Mid-scoop, my hand just stops. Spoon hovers. My eye twitches.
“For the last time,” I say, each word weighed down with a century of regret, “it’s not alive.”
Big-eyed innocence. From a girl with horns.
“You said it was for food. You said I was learning how to cook.”
“I am teaching you how to cook. Not how to slaughter. There’s a difference.”
She shrugs, nonchalant.
“Barely.”
And there goes my sanity. I plant a hand over my face and just sit there for a second, wondering what I did to deserve this fate. Babysitting a murder-imp with a taste for chaos and a loose understanding of the culinary arts.
“What... even is my life right now?”
But the stew isn’t gonna serve itself. I ladle out a portion and shove it at her like it’s a peace offering. She takes it like it might lunge at her.

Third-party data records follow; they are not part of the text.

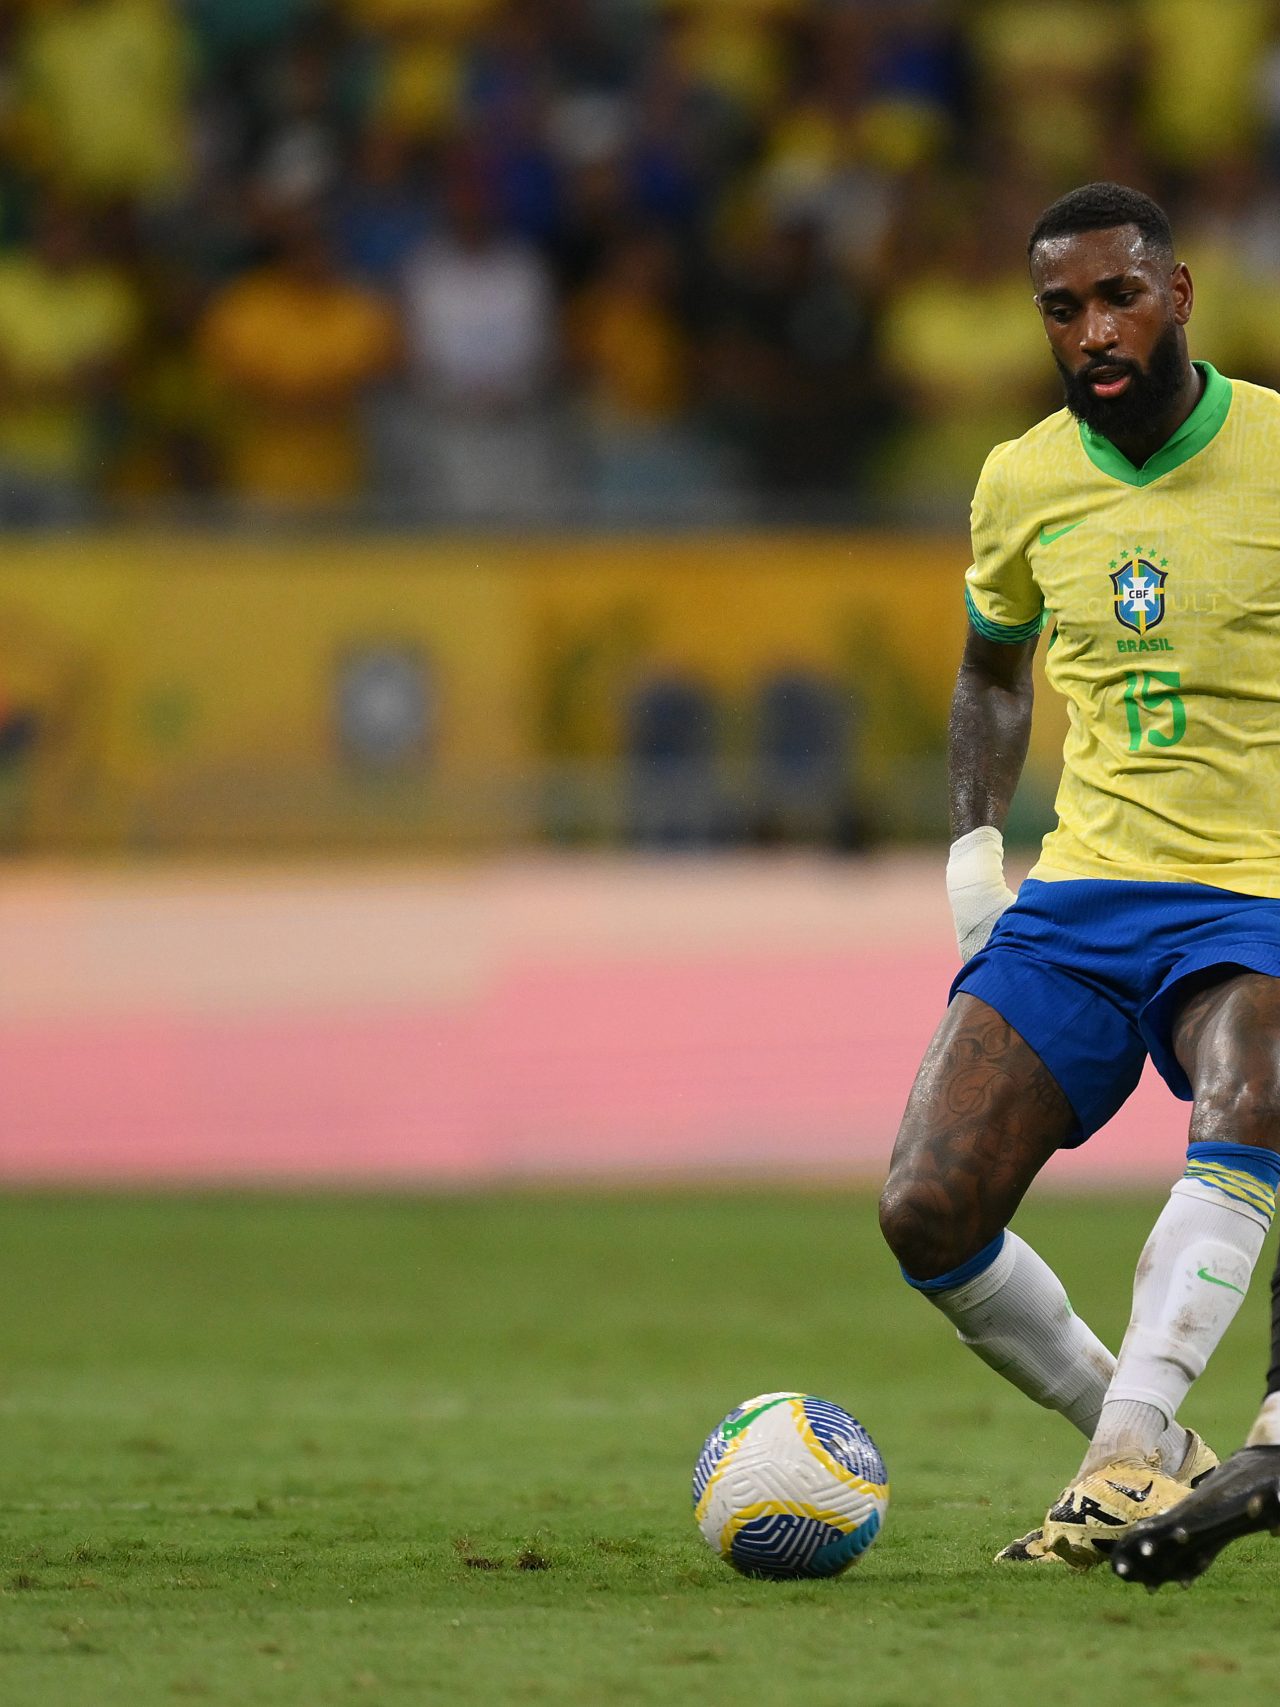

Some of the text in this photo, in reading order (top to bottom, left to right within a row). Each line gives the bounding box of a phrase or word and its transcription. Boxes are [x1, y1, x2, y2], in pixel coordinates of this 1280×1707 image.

[1128, 590, 1150, 599] CBF
[1117, 638, 1174, 653] BRASIL
[1123, 671, 1187, 751] 15
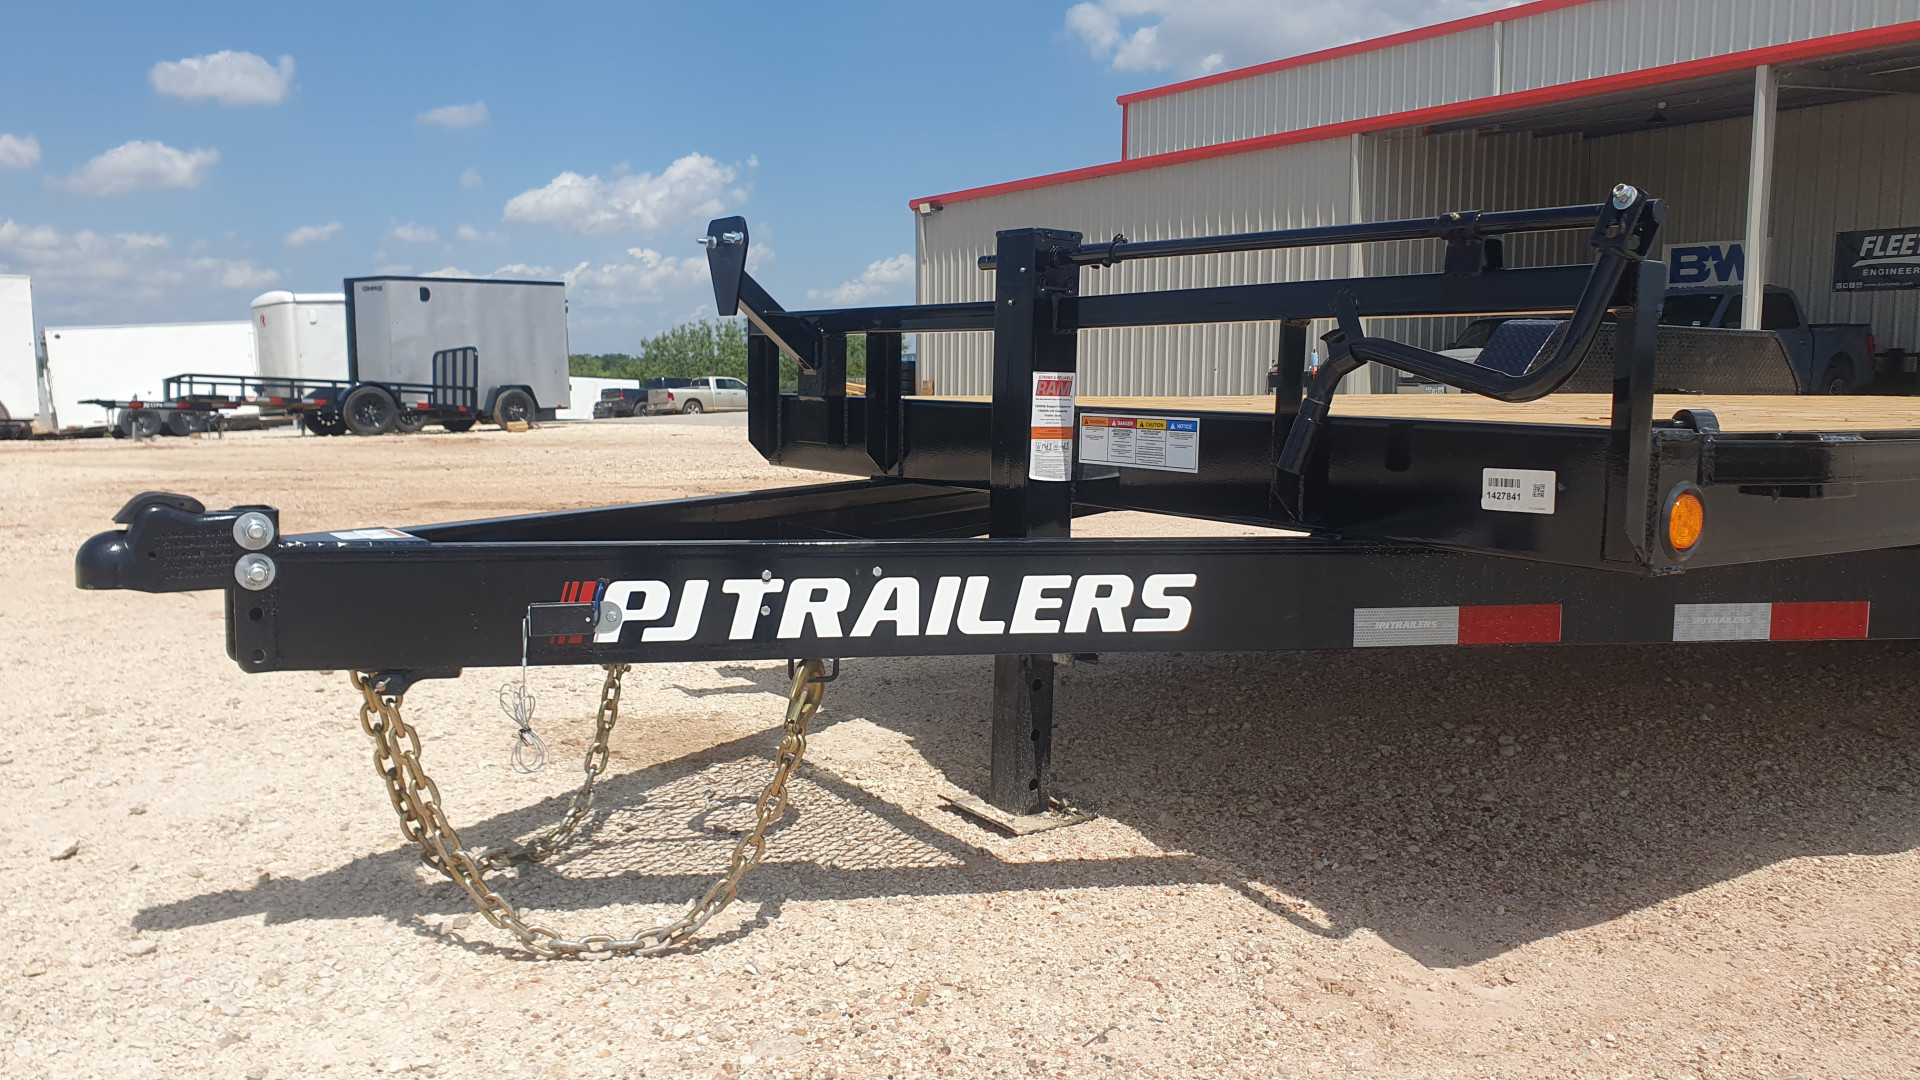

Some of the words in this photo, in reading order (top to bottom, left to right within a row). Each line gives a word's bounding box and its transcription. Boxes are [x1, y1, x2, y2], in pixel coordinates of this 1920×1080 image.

[1860, 233, 1920, 257] FLEE
[1037, 381, 1071, 395] RAM
[1486, 491, 1521, 501] 1427841
[593, 579, 710, 643] PJ
[722, 573, 1197, 640] TRAILERS
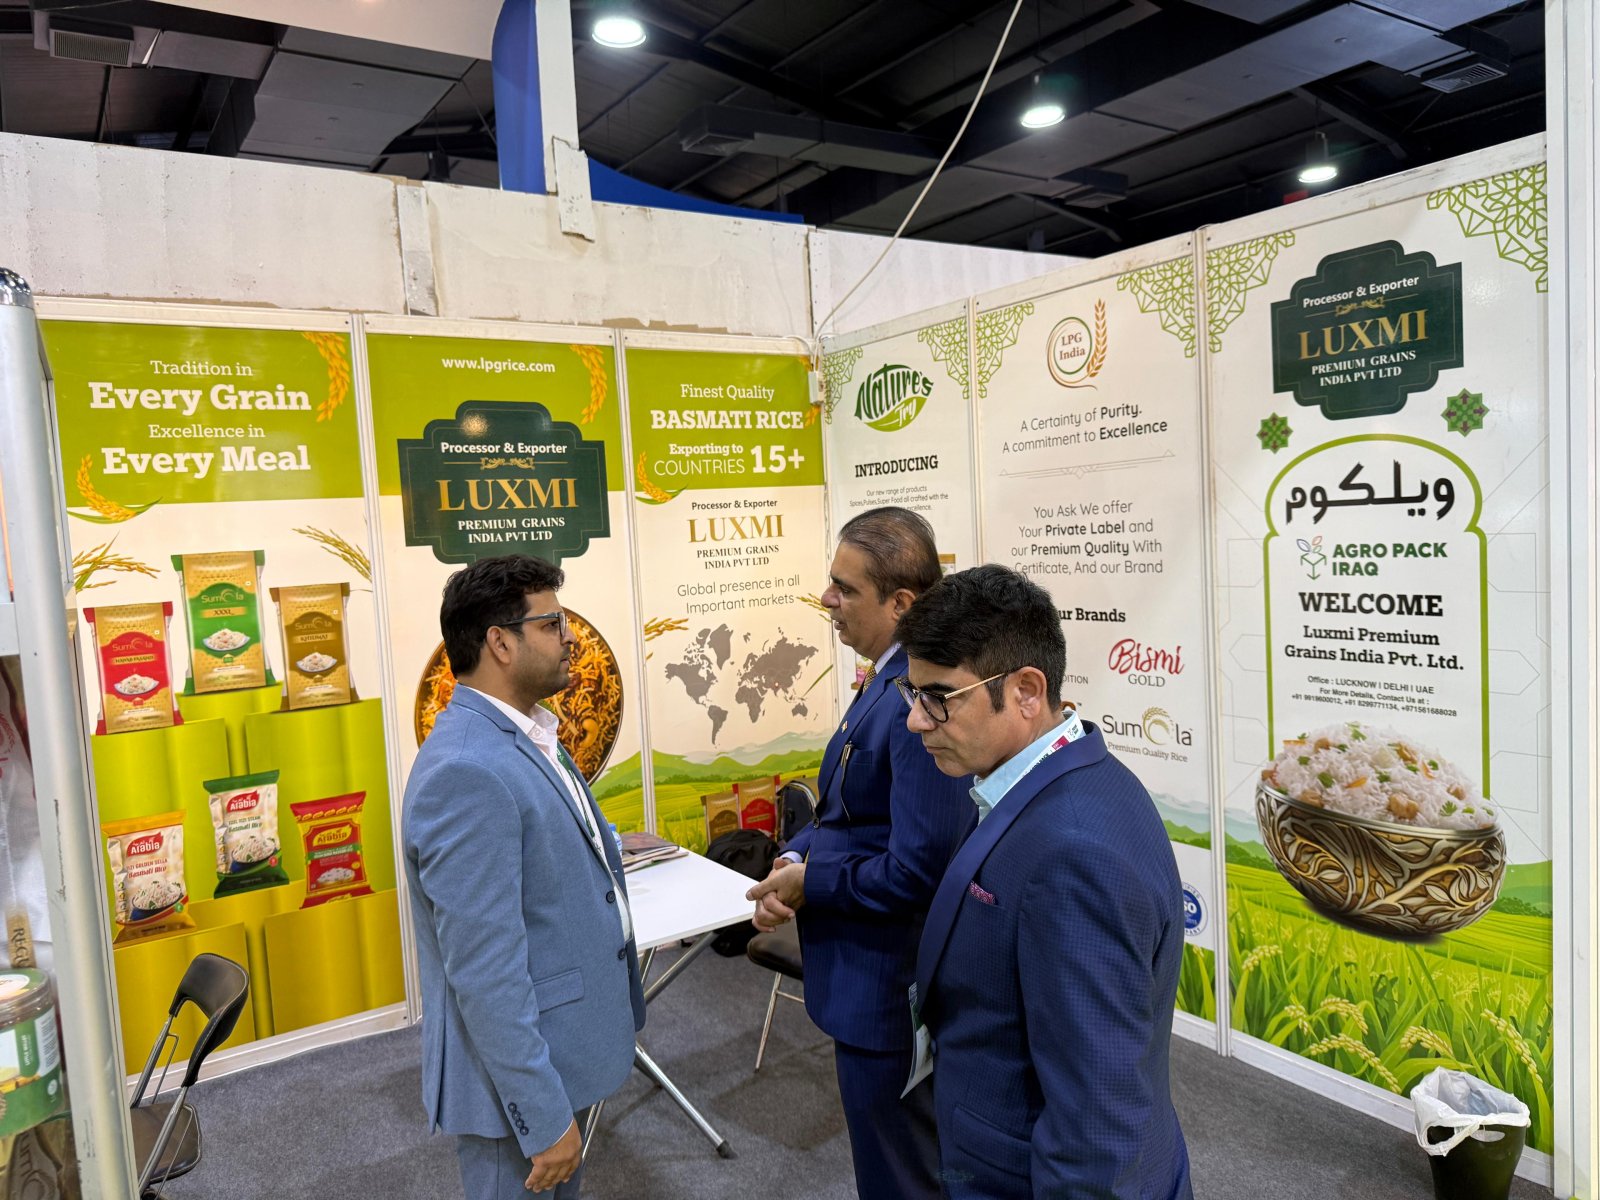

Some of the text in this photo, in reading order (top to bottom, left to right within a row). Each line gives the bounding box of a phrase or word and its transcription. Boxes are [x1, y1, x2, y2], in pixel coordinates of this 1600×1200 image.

[1303, 276, 1419, 309] Processor & Exporter
[1061, 332, 1083, 346] LPG
[1298, 309, 1429, 361] LUXMI
[1059, 347, 1086, 361] India
[1312, 350, 1416, 375] PREMIUM GRAINS
[150, 360, 253, 376] Tradition in
[441, 357, 556, 373] www.lpgrice.com
[1320, 366, 1402, 387] INDIA PVT LTD
[88, 382, 312, 415] Every Grain
[681, 384, 775, 402] Finest Quality
[650, 410, 804, 430] BASMATI RICE
[895, 398, 917, 427] Try
[1020, 402, 1143, 432] A Certainty of Purity.
[148, 424, 265, 438] Excellence in
[1002, 420, 1168, 454] A commitment to Excellence
[441, 442, 567, 456] Processor & Exporter
[669, 444, 743, 457] Exporting to
[101, 445, 311, 479] Every Meal
[654, 459, 746, 476] COUNTRIES
[750, 445, 805, 473] 15+
[855, 454, 939, 478] INTRODUCING
[435, 478, 579, 511] LUXMI
[866, 489, 875, 497] Our
[886, 488, 899, 496] range
[906, 486, 927, 494] products
[910, 494, 928, 502] crafted
[1286, 459, 1455, 525] ويلكوم
[691, 500, 778, 510] Processor & Exporter
[1033, 500, 1133, 519] You Ask We offer
[458, 517, 565, 531] PREMIUM GRAINS
[686, 514, 785, 543] LUXMI
[1019, 518, 1154, 538] Your Private Label and
[468, 530, 553, 544] INDIA PVT LTD
[697, 544, 780, 558] PREMIUM GRAINS
[1011, 539, 1162, 557] our Premium Quality With
[1332, 542, 1448, 558] AGRO PACK
[704, 556, 770, 569] INDIA PVT LTD
[1015, 560, 1163, 575] Certificate, And our Brand
[1332, 561, 1379, 576] IRAQ
[677, 574, 800, 597] Global presence in all
[686, 594, 795, 615] Important markets
[1298, 591, 1444, 617] WELCOME
[1058, 608, 1126, 622] ur Brands
[1303, 625, 1440, 646] Luxmi Premium
[1108, 638, 1185, 675] Bismi
[1284, 645, 1465, 671] Grains India Pvt. Ltd.
[1128, 674, 1166, 688] GOLD
[1307, 675, 1330, 684] Office
[1335, 678, 1377, 689] LUCKNOW
[1383, 682, 1409, 692] DELHI
[1415, 685, 1435, 695] UAE
[1319, 687, 1330, 695] For
[1332, 689, 1348, 697] More
[1350, 691, 1375, 700] Details,
[1377, 693, 1404, 702] Contact
[1108, 742, 1188, 763] Premium Quality Rice
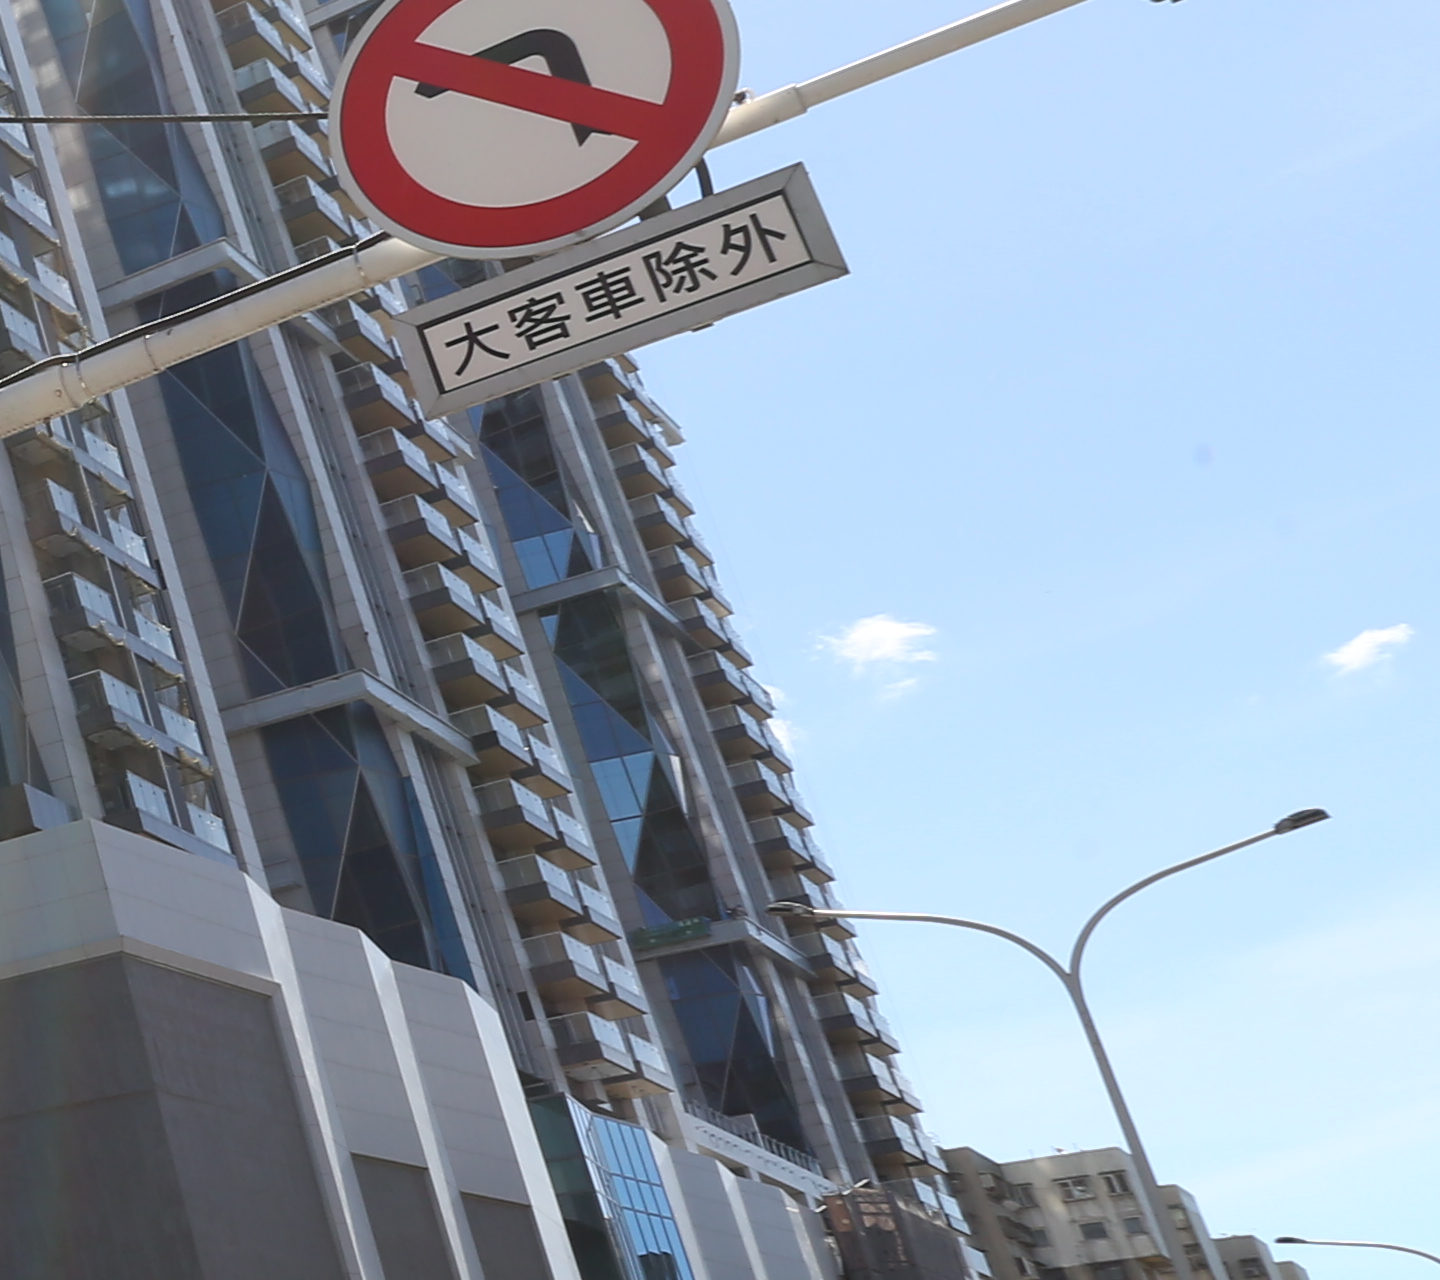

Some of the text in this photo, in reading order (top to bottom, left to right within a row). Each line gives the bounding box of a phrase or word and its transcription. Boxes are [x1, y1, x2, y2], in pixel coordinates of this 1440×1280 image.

[444, 213, 788, 376] 大客車除外

Pokes it with the spoon like it’s a trapped animal.
“It’s not moving,” she mutters.
“It’s not supposed to.” I snap.
The words come out sharp. Too sharp. She blinks but doesn’t flinch. Just shrugs again and takes a bite.
Then her eyes go huge. Like dinner plates. And before I can even ask if she’s choking, she tips the whole bowl back and chugs the stew like it’s water at the end of a desert hike. Gone in seconds. Nothing left but steam and the faint sound of her swallowing her soul.
“Oh,” she breathes, staring into the empty bowl like it betrayed her by not refilling itself. “I like this.”
I blink at her. Then I taste my own. And—well. Damn. It’s good. Like, actually good. Warm. Hearty. A bit of a kick that hits just behind the teeth. The kind of thing that makes you think maybe the apocalypse can wait until after dinner.
And of course, right on cue—
[Your apprentice has unlocked a new Profession: Cooking.]
[New Skill Gained: Sous Cook.]
[Reminder: Do not allow your apprentice near fire.]
I exhale a long, slow breath, like maybe, just maybe, I can sigh the madness out of existence.
“What even is my life…”
Her bowl clatters at my feet like a challenge. She stares me down, eyes narrowed, voice flat.
“More.”
I raise a brow.
“What do you say?”
She tilts her head. Narrower eyes. Calculating now.
“More.”
“No, you’re supposed to say please.”
Her expression drops like I just suggested we hold hands and recite poetry.
“Why?”
“Because it’s polite.”
She tilts farther, joints protesting. Her stare turns surgical.
“Does it make the food taste better?”
“No. It makes you less of a goblin.”
She leans in. Eyes glowing. Voice dead serious.
“…More, goblin?”
I close my eyes. Pinch the bridge of my nose. There’s a headache forming. Not a small one either—this is the kind that grows roots.
Yep.
Long haul. Weird partnership. Zero survival manuals prepared me for this.